Sprski film (Srdjan Spasojevic, 2010)
Milos (Srdan Todorovic) es un actor porno retirado, felizmente casado con Marija (Jelena Gavrilovic), traductora y padre de un hijo que no llega a los diez años. Sin trabajo, Milos depende de su pensión y del trabajo de su mujer; por eso se ve tentado a aceptar una oferta que le propone una Lejla (Katarina Zutic) antigua compañera de rubro y ahora prostituta que le servirá de contacto para el financista de la película, el ominoso Vukmir (Sergej Trifunovic). Vukmir le propone a Milos un contrato para rodar una película pero sin que Milos sepa de qué se trata. Si Milos acepta, no tendrá que preocuparse nunca más por su situación económica. Empujado por su Marija y por la situación, Milos acepta. Pronto se dará cuenta que estará en medio de un film que pretende superar cualquier límite dentro del género pornográfico.
Filmada con la explícita idea de provocar rechazo o escándalo, Sprski Film tiene un comienzo interesante por lo inquietante de sus atmósferas (algo que pudo haber sido tomado prestado de Lost Highway (David Lynch, 1996), la tensa actitud de Milos y una exposición del sexo sin vueltas.

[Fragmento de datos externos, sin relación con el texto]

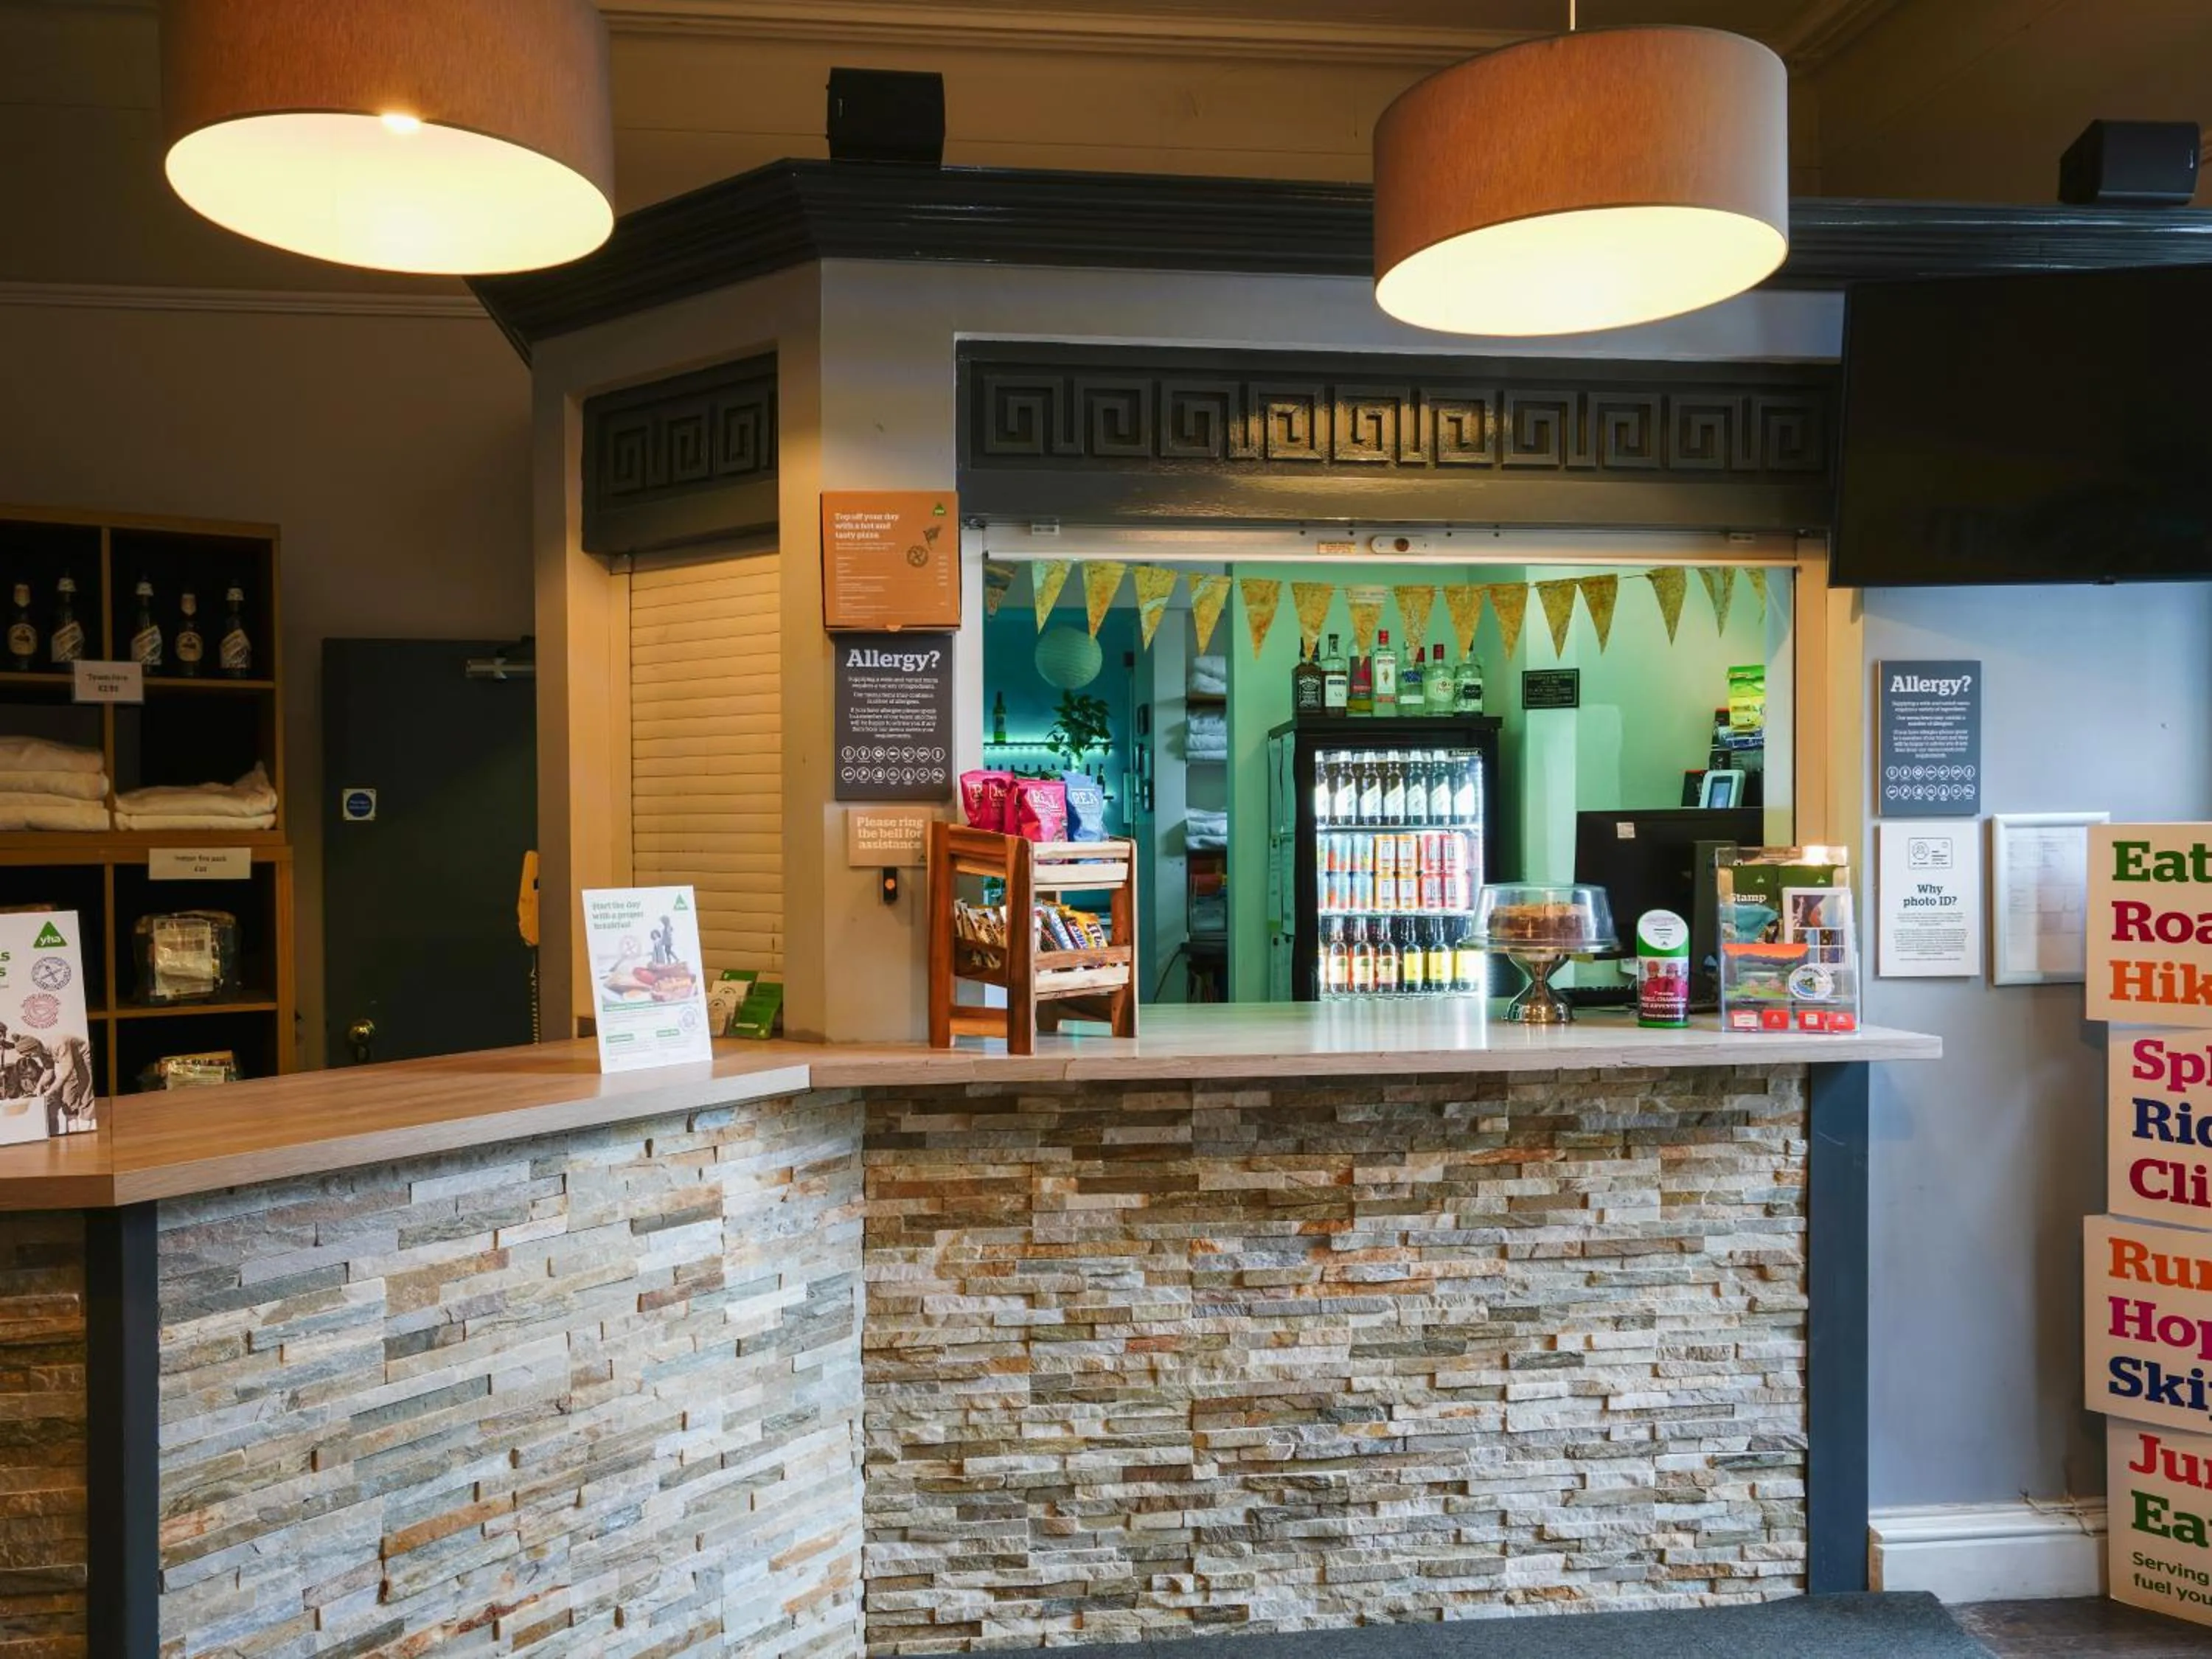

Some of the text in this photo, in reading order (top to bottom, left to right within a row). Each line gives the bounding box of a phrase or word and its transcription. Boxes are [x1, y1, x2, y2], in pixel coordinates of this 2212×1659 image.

[846, 649, 940, 672] Allergy?
[1890, 675, 1972, 695] Allergy?
[857, 816, 924, 830] Please ring
[858, 828, 922, 838] the bell for
[858, 840, 921, 849] assistance
[2112, 841, 2212, 883] Eat
[1730, 893, 1767, 902] Stamp
[1917, 884, 1943, 894] Why
[1903, 896, 1958, 908] photo ID?
[41, 934, 61, 945] yha
[2109, 959, 2212, 1006] Hik
[2129, 1158, 2211, 1208] Cli
[2109, 1356, 2212, 1420] Ski
[2129, 1433, 2212, 1491] Ju
[2131, 1489, 2212, 1548] Ea
[2132, 1551, 2209, 1587] Serving
[2133, 1573, 2212, 1606] fuel you

Pero la muy buena construcción de la primera parte, se ve arruinada por una resolución descuidada que también arruina los minutos de gore que están muy bien. La manera en que Milos reconstruye el vacío que separan los tres días que no recuerda es ilógica por la multitud de opciones que la película propone para la reconstrucción. Son tantas las rupturas del punto de vista que al final uno se pregunta si era necesario recurrir al gancho del desvanecimiento para generar un falso suspenso que retrase el clímax.
Pero más allá de esto, y a pesar de tantas provocaciones, la película tiene una mirada moralista sobre la pornografía que la emparenta con la también moralista 8mm (Joel Schumacher, 1999). La pornografía, parece decirnos el film, es una cosa de enfermos o perdedores, y caer en eso es peligroso (La esposa de Milos se excita con las película porno que filmó su esposo y parece que sólo por eso debe recibir un castigo que a todas luces es traído de los pelos más allá de las intenciones de su cuñado policía).
Srdjan Spasojevic (1976) parece haber pensado su película como un divertimento pasado de rosca para probar el límite de resistencia del espectador, algo que Gaspar Noé también se planteó con Irreversibe (2002), pero a diferencia de Gaspar Noé, Spasojevic pierde las riendas del relato al final y es así como ablanda el impacto de sus imágenes a pesar de sus excesos. Sin embargo, a diferencia de Gaspar Noé (pero está vez a favor del director serbio), Spasojevic se toma en serio lo que cuenta mientras que el otro juega con sus personajes.
Es así como pese a su empaque, Sprski film termina siendo una pelicula artificiosa y conservadora.